» Problem to work on:
Return only the line containing "this 1300×1300 image." and each line after it, exactly as written, through the end of the records.

····················

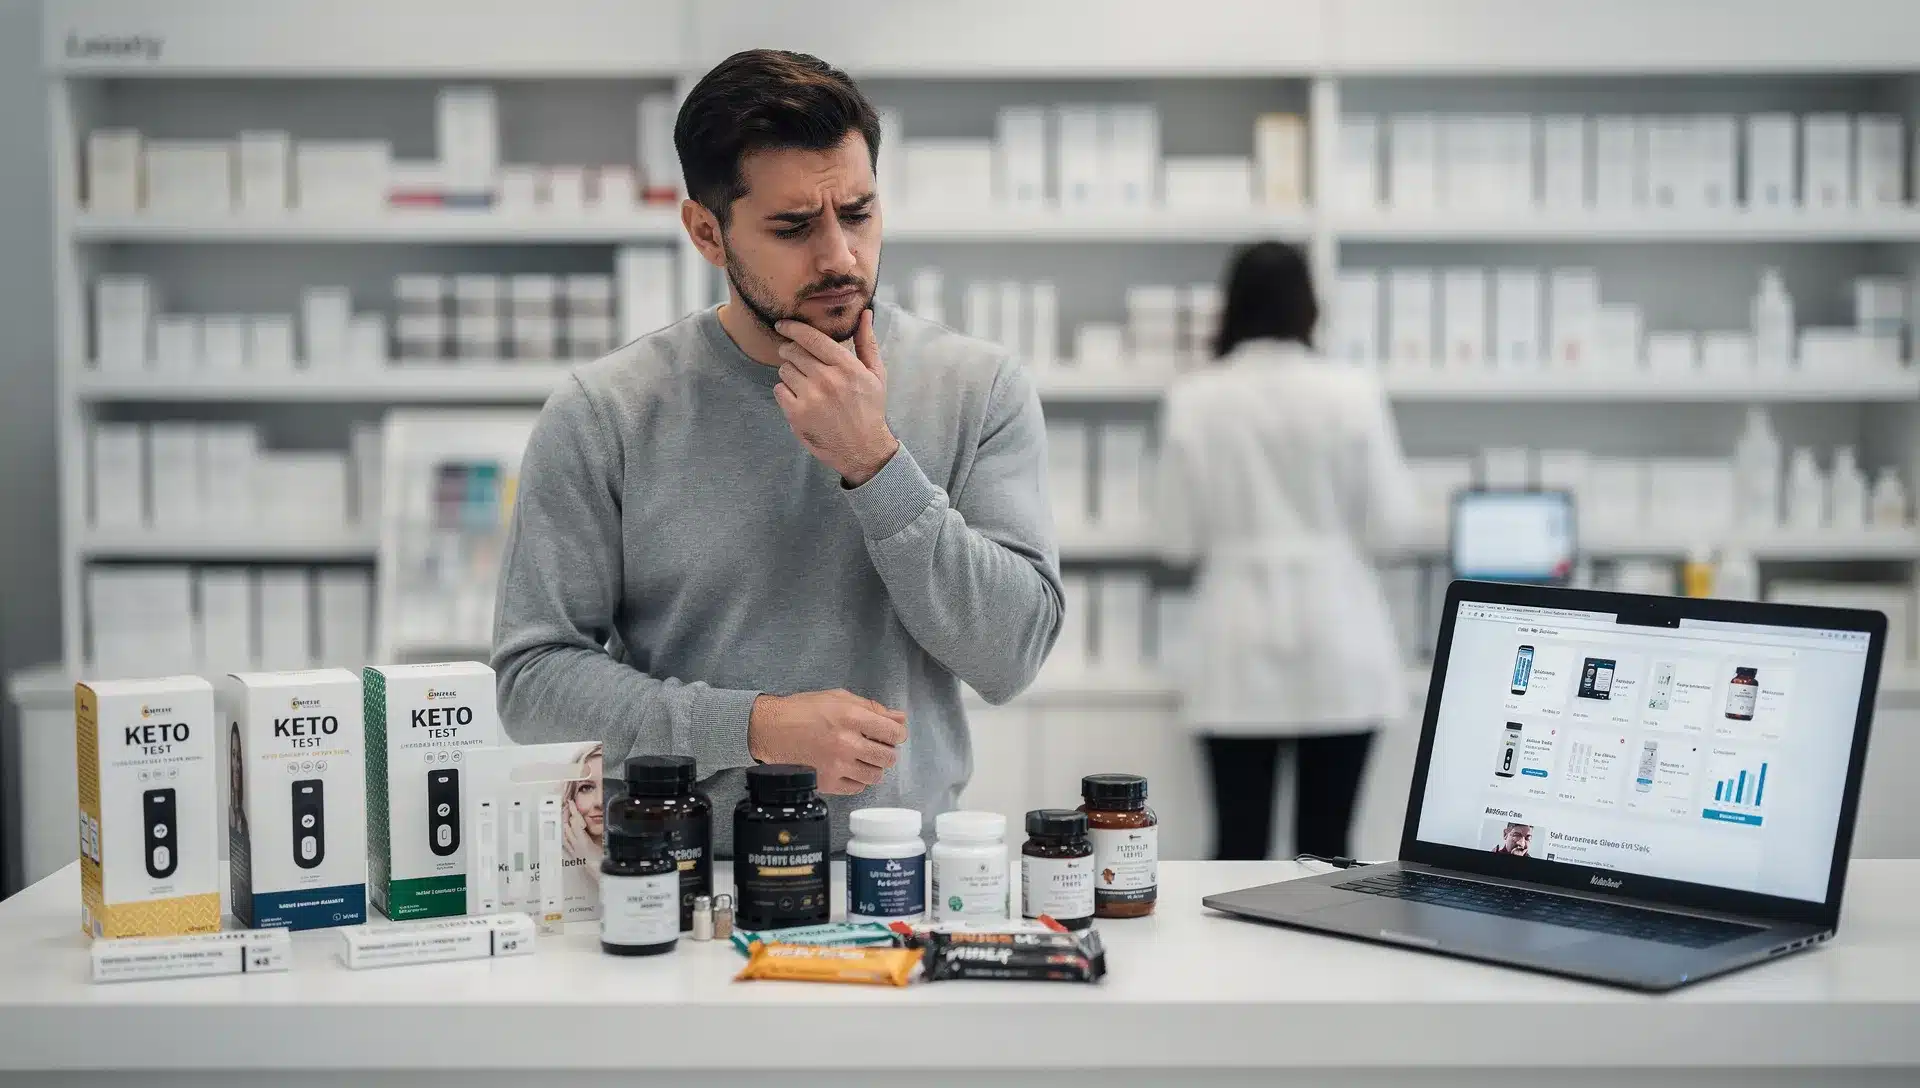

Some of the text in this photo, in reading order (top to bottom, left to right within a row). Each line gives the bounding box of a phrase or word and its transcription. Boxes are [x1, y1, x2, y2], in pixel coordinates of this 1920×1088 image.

[411, 707, 473, 728] KETO
[125, 722, 190, 745] KETO
[274, 716, 338, 737] KETO
[428, 728, 458, 739] TEST
[142, 744, 173, 756] TEST
[291, 737, 322, 748] TEST
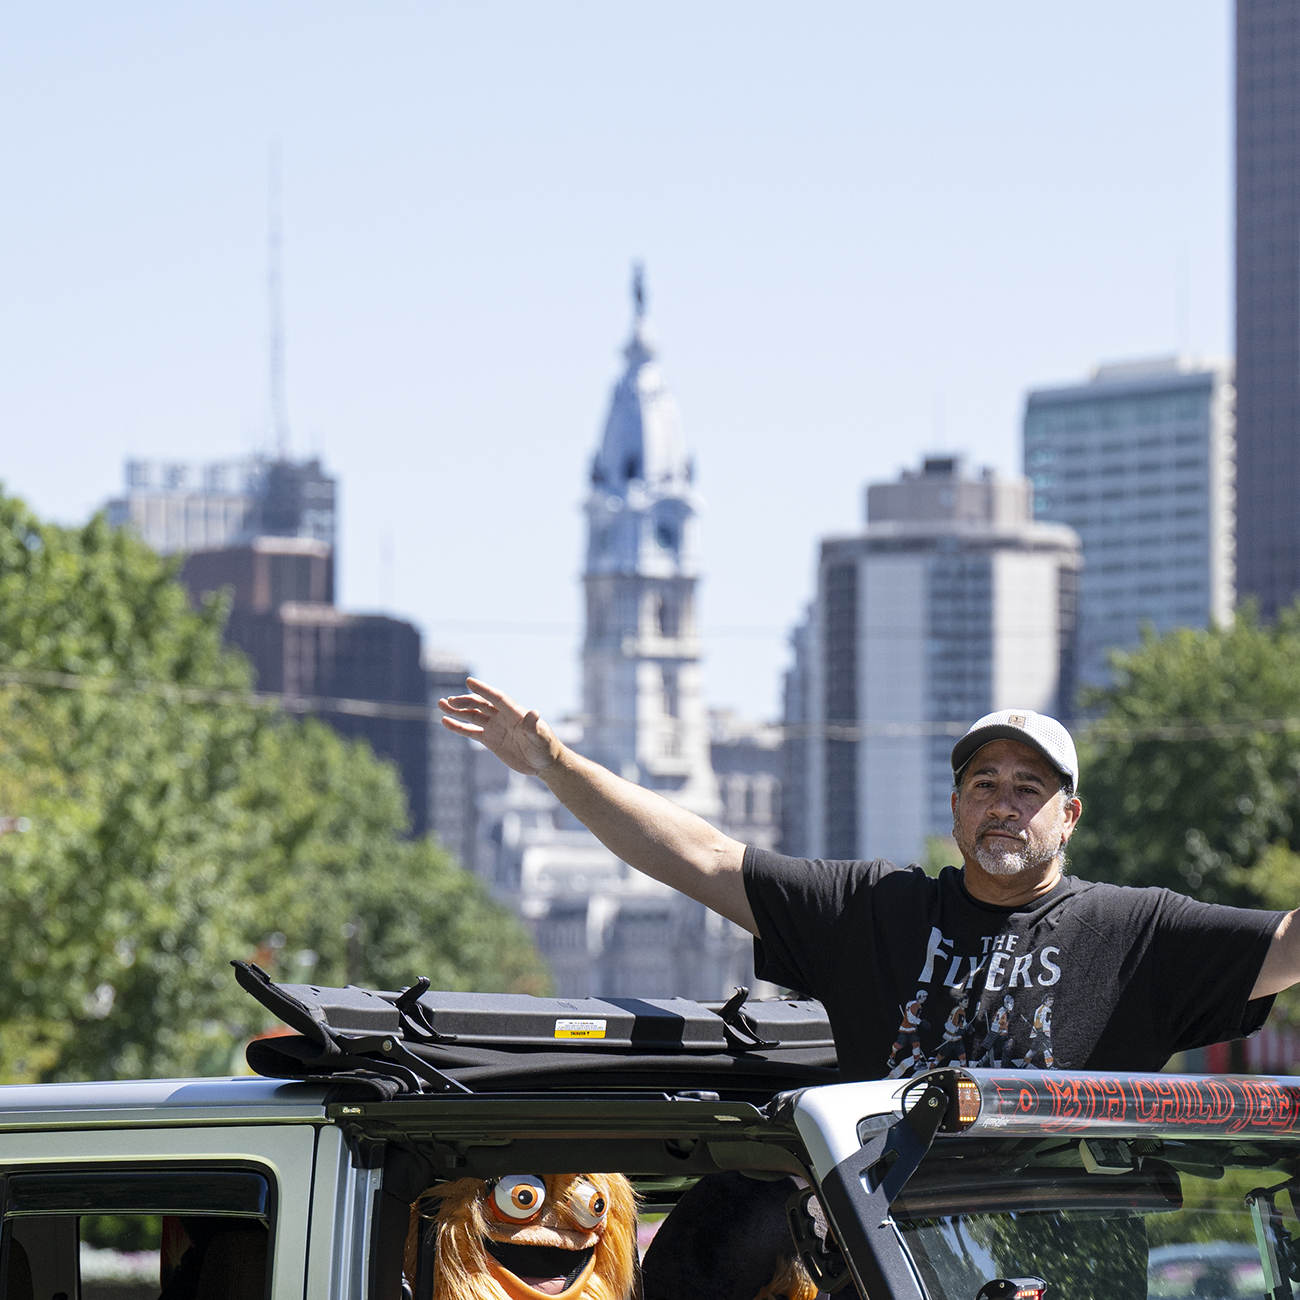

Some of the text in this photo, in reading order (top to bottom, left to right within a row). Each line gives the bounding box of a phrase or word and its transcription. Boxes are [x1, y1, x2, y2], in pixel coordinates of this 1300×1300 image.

[917, 926, 1062, 991] FLYERS
[981, 934, 1019, 954] THE
[1128, 1077, 1236, 1125] CHILD

····················

» Response area:
Some of the text in this photo, in reading order (top to bottom, left to right within a row). Each line gives the bounding box of a phrase or word and its transcription. Boxes are [x1, y1, x2, y2], in pixel coordinates of this 1300×1300 image.

[917, 926, 1062, 991] FLYERS
[981, 934, 1019, 954] THE
[1128, 1077, 1236, 1125] CHILD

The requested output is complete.